В том, что барон - отец Эрика, не сомневался никто: чтобы убедиться в этом, достаточно было один раз увидеть их рядом. Но дальше мнения горожан разделялись. Одни считали, что история с браком - просто хитрая выдумка, и восторгались добротой барона, который не хочет осложнять жизнь женщине, публично называя ее обманщицей. Другие, наоборот, обвиняли его в трусости, говоря, что он одинаково боится как солгать, утверждая, что Эрик не от него, так и признать правду, опасаясь гнева жены и сложностей, связанных с появлением еще одного претендента на наследство. Но как бы то ни было, вызов Фрейды раз за разом оставался без ответа и, таким образом, Эрик мог именовать себя фон Даркмуром, поскольку барон никогда не отрицал его права на это имя.

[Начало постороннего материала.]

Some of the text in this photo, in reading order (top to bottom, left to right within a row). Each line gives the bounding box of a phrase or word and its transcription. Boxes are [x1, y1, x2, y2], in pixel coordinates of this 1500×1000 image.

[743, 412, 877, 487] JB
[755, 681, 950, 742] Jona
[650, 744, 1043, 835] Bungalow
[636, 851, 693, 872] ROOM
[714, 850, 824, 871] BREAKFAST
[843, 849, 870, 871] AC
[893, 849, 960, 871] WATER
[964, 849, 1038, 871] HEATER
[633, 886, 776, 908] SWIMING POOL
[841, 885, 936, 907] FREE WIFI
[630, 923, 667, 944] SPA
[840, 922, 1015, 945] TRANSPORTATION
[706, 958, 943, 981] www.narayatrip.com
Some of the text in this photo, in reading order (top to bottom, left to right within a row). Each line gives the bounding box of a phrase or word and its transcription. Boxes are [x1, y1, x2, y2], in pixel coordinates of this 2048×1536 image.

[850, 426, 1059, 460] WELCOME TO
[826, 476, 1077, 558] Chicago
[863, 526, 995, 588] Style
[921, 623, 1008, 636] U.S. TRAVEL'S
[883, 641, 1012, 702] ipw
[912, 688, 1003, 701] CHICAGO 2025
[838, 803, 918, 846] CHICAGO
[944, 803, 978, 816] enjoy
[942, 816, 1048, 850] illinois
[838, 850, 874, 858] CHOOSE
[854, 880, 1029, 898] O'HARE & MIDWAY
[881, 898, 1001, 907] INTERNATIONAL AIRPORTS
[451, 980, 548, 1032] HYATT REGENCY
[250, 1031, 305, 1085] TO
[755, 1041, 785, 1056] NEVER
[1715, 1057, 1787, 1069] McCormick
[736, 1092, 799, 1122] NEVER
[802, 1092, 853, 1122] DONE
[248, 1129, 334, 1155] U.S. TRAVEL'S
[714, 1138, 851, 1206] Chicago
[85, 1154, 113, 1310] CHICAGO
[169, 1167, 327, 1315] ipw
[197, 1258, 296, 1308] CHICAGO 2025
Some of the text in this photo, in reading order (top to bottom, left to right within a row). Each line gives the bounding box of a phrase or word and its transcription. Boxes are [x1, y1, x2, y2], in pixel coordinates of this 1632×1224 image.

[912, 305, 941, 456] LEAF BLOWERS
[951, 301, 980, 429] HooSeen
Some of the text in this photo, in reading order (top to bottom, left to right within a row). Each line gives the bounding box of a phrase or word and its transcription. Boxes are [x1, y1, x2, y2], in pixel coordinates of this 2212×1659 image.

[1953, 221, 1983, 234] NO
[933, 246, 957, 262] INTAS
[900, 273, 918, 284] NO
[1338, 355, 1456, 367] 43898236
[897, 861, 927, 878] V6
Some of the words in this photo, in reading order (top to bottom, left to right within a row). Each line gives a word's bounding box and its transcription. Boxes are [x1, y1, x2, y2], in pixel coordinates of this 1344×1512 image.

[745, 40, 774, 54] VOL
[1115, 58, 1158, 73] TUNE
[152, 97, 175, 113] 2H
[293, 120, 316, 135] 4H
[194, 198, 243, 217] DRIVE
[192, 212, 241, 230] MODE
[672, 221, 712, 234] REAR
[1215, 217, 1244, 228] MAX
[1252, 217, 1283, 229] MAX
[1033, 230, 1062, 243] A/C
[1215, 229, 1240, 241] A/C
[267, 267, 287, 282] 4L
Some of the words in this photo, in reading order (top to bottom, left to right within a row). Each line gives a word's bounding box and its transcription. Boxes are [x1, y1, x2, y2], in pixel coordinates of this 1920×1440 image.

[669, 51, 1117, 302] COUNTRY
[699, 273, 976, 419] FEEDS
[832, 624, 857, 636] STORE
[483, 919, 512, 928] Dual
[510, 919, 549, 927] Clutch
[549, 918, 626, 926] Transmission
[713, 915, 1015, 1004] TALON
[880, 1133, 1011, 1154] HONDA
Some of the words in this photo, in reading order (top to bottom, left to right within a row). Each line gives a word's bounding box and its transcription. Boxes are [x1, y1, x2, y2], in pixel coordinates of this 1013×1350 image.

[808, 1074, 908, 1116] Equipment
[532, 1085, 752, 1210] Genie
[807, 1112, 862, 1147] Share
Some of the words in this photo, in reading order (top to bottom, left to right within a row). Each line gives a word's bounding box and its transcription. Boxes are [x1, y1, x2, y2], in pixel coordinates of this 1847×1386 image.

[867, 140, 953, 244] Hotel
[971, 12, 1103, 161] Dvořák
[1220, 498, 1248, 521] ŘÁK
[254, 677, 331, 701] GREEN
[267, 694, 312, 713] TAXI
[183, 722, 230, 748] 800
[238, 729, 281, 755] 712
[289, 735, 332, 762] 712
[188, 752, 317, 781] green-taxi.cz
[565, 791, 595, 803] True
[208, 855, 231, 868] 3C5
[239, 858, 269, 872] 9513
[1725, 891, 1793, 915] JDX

Они медленно шли по улице, возвращаясь в трактир. Ру, который не мог помолчать двух минут, спросил:

- Эрик, какие планы на вечер?

Эрик знал, на что он намекает: визит барона был поводом для праздника, конечно, не таким серьезным, как традиционные торжества, но вполне достаточным, чтобы трактир “Шилохвость” был набит битком, чтобы мужчины всю ночь пили и играли, а девушки собирались у фонтана, в надежде, что юноши наберутся храбрости для серьезного знакомства. Что касается Эрика, то для него праздник означал в основном работу. Он так и сказал Ру.

- А они мамочкины сынишки, тут и сомневаться нечего, - заметил Ру, бросив через плечо взгляд на площадь, где возле экипажа стояли отпрыски барона, по-прежнему глядя вслед Эрику и его матери. Ру остановился: его одолевал соблазн сделать им непристойный жест, но он удержался. Даже на таком расстоянии на их лицах ясно читалась неприкрытая враждебность и черная злоба. Ру повернулся и заторопился в сторону постоялого двора - догонять ушедшего вперед Эрика.

***

С наступлением сумерек жизнь в городе начала замирать повсюду, кроме трактира “Шилохвость”, куда стекались, чтобы пропустить кружку вина или эля, те, кому не хватило влияния получить приглашение на обед в Собрании Виноградарей и Виноделов. В трактире царила громкая болтовня, мужчины играли по маленькой в карты и кости или соревновались в метании дротиков.

Эрик помогал на кухне, как часто делал при большом наплыве посетителей. Хотя Фрейда и была всего лишь простой служанкой, Мило признавал за ней право быть старшей на кухне, признавал исключительно потому, что Фрейда имела привычку указывать каждому, что тот должен делать. И такое отношение, разумеется, вызывало естественное раздражение у остальных, несмотря на то что в своих указаниях Фрейда почти никогда не ошибалась. Прислуга в трактире то и дело менялась, и каждый считал своим долгом объяснить Мило причины своего ухода. А тот всегда отвечал одно и то же: она - моя старая подруга, а вы - нет.